Elle-même paraît un peu brouillonne, parfois difficile à saisir, mais sans doute est-ce dû à cette méfiance qu’elle nourrit, comme nombre de grands artistes, vis-à-vis des identités fixes. « Je me contredis tout le temps », assume-t-elle, préférant la plupart du temps se définir par la négative. « Je ne suis PAS new-yorkaise / Je ne suis PAS hollandaise / Je ne vis PLUS en Afrique du Sud / Je suis toujours « pas d’ici » « , écrivait-elle lors d’une exposition en 1994. Mais il ne faut pas se tromper : fille d’un viticulteur blanc décédé alors qu’elle n’avait que douze ans, élevée à l’heure de l’apartheid et formée à l’université de Cape Town, la peintre reconnaît avoir été profondément influencée par l’Afrique… et pas de la manière que l’on pourrait imaginer.

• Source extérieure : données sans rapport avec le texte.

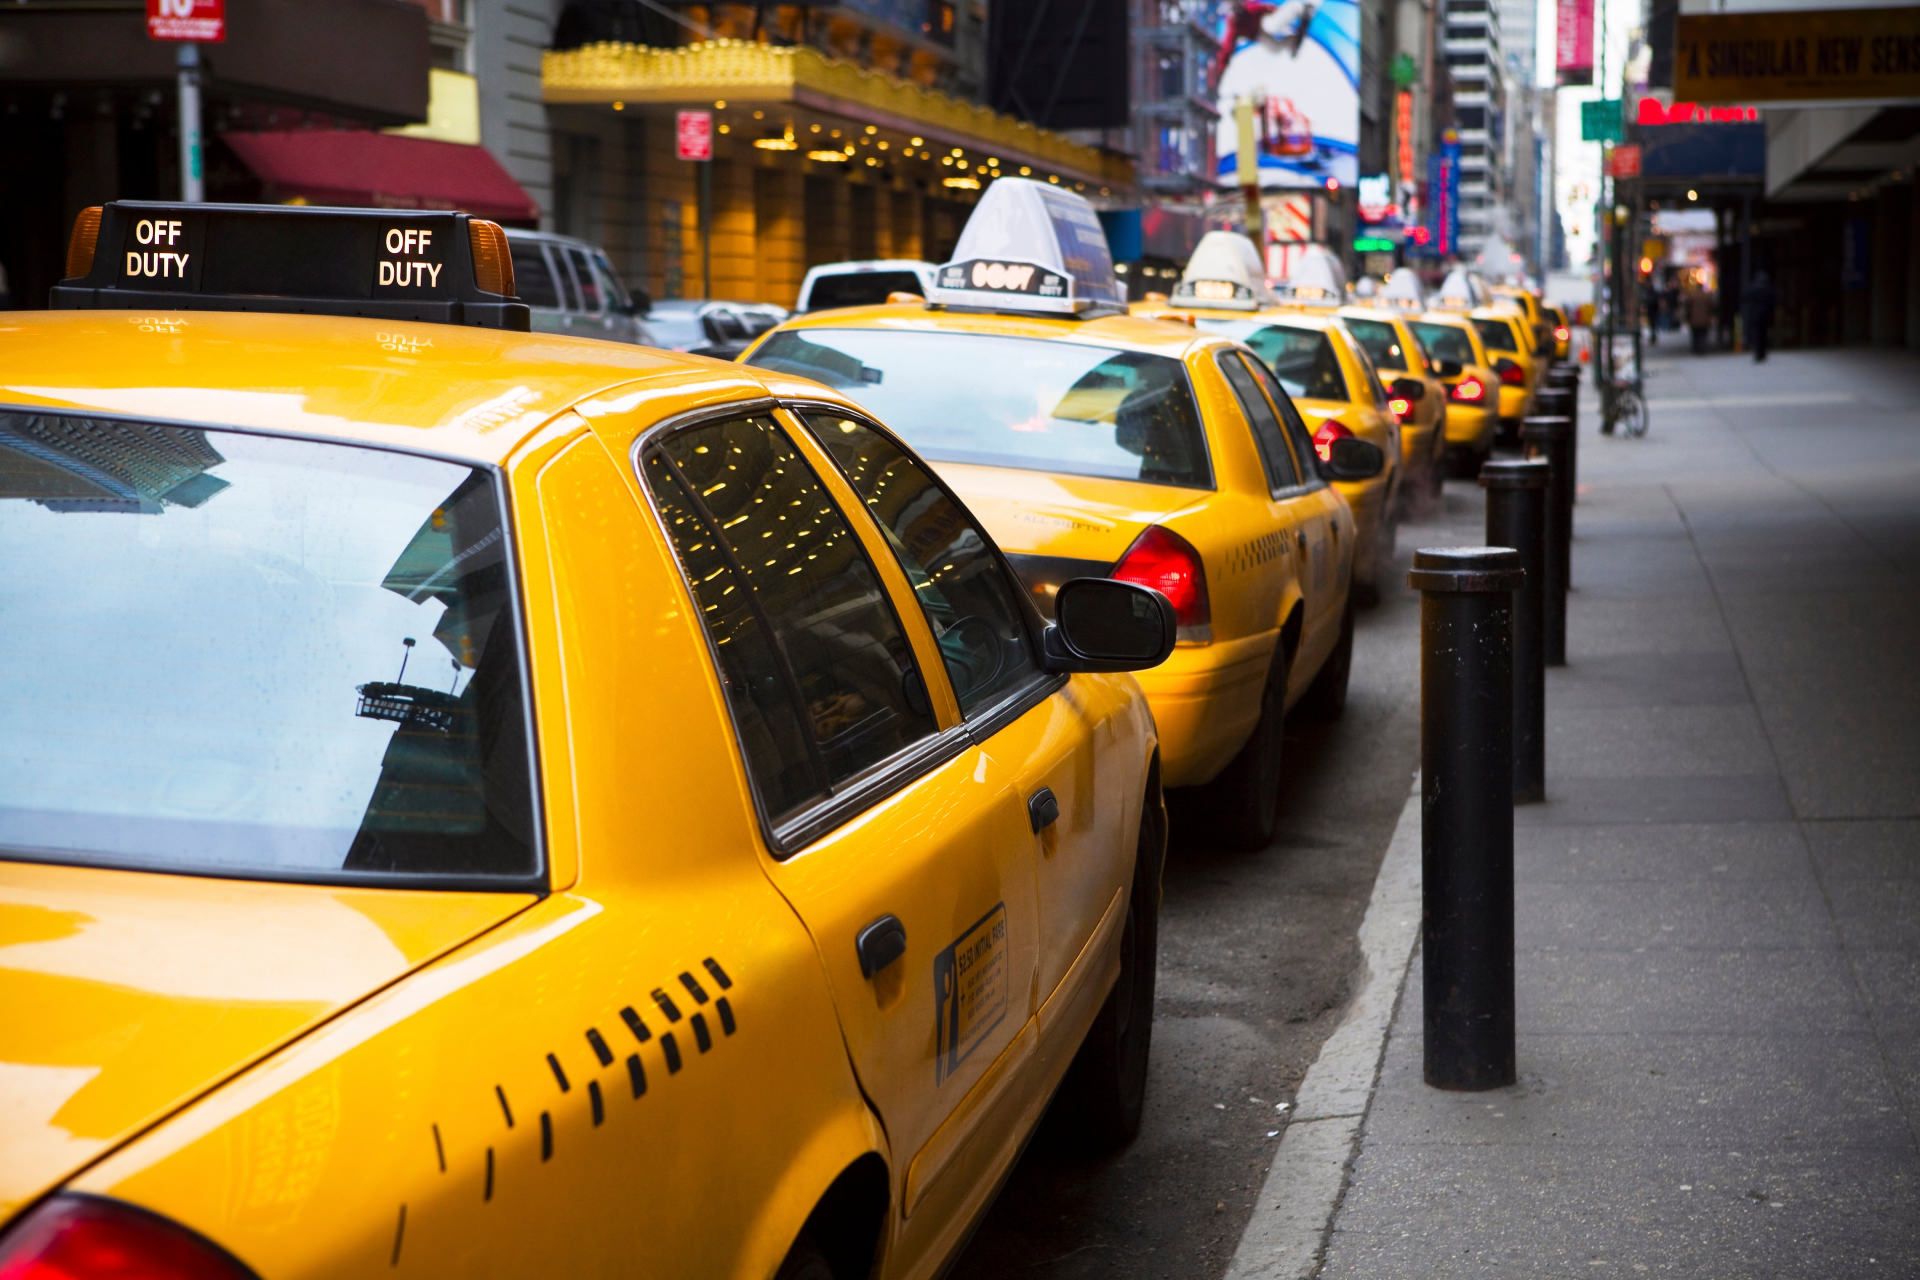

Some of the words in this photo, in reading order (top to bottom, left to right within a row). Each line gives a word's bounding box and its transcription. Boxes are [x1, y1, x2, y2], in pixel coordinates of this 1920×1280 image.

[1707, 37, 1807, 77] SINGULAR
[1816, 36, 1862, 76] NEW
[136, 219, 182, 245] OFF
[385, 228, 432, 255] OFF
[126, 252, 190, 278] DUTY
[379, 261, 443, 288] DUTY

« Vous savez, les gens pensent que l’Afrique du Sud et l’apartheid sont les choses qui m’ont le plus influencée, mais ce que j’essaie de faire comprendre, c’est qu’au-delà du fait que je viens d’Afrique du Sud et de son régime d’apartheid, j’y ai reçu beaucoup. Je n’y ai pas produit d’oeuvre, mais j’y ai beaucoup appris et pensé sur la peinture et l’art en général. Ce que j’essaie de dire, c’est que j’y avais déjà développé une approche des problèmes de l’art, mais plus sur un plan théorique. Ce n’est qu’en arrivant en Europe, à Amsterdam, que j’ai commencé – très lentement – à explorer ces idées pour ma propre création et à les transformer en œuvres concrètes », déclarait-elle en 2013.

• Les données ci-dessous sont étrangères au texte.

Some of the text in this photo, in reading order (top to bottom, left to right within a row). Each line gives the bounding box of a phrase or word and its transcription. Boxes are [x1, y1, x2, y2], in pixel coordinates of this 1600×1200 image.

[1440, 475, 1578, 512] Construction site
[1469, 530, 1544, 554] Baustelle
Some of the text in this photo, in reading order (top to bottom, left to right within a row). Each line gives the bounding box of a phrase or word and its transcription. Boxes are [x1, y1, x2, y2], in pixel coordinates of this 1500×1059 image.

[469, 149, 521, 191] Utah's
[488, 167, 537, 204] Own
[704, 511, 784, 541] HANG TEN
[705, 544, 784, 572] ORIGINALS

Forcément charnel et complexe, son lien avec l’Afrique transparaît sur le plan formel. Plusieurs séries d’images – comme les Black Drawings de 1992 ou les Models de 1994 – représentant des visages en gros plan réalisés à l’encre de Chine renvoient, selon ses propres dires, aux masques traditionnels. « Bien que les visages soient ceux d’individus et que vous puissiez voir qu’ils sont tous différents les uns des autres, ils ressemblent tous un peu à des masques. J’ai toujours aimé les masques, en fait, et toute la tradition africaine, les déesses de la fertilité, les ancêtres, toutes ces figures qui éloignent le mal. Cependant, je n’ai jamais eu l’intention de m’y référer et, en ce sens, je ne suis pas comme Picasso et tous les autres. Mais j’ai sans aucun doute été fascinée. » Elle va jusqu’à reconnaître que certaines œuvres, comme The Painter, qui représente sa fille enfant, les mains dégoulinantes de peinture bleue et rouge, emprunte à la statuaire africaine…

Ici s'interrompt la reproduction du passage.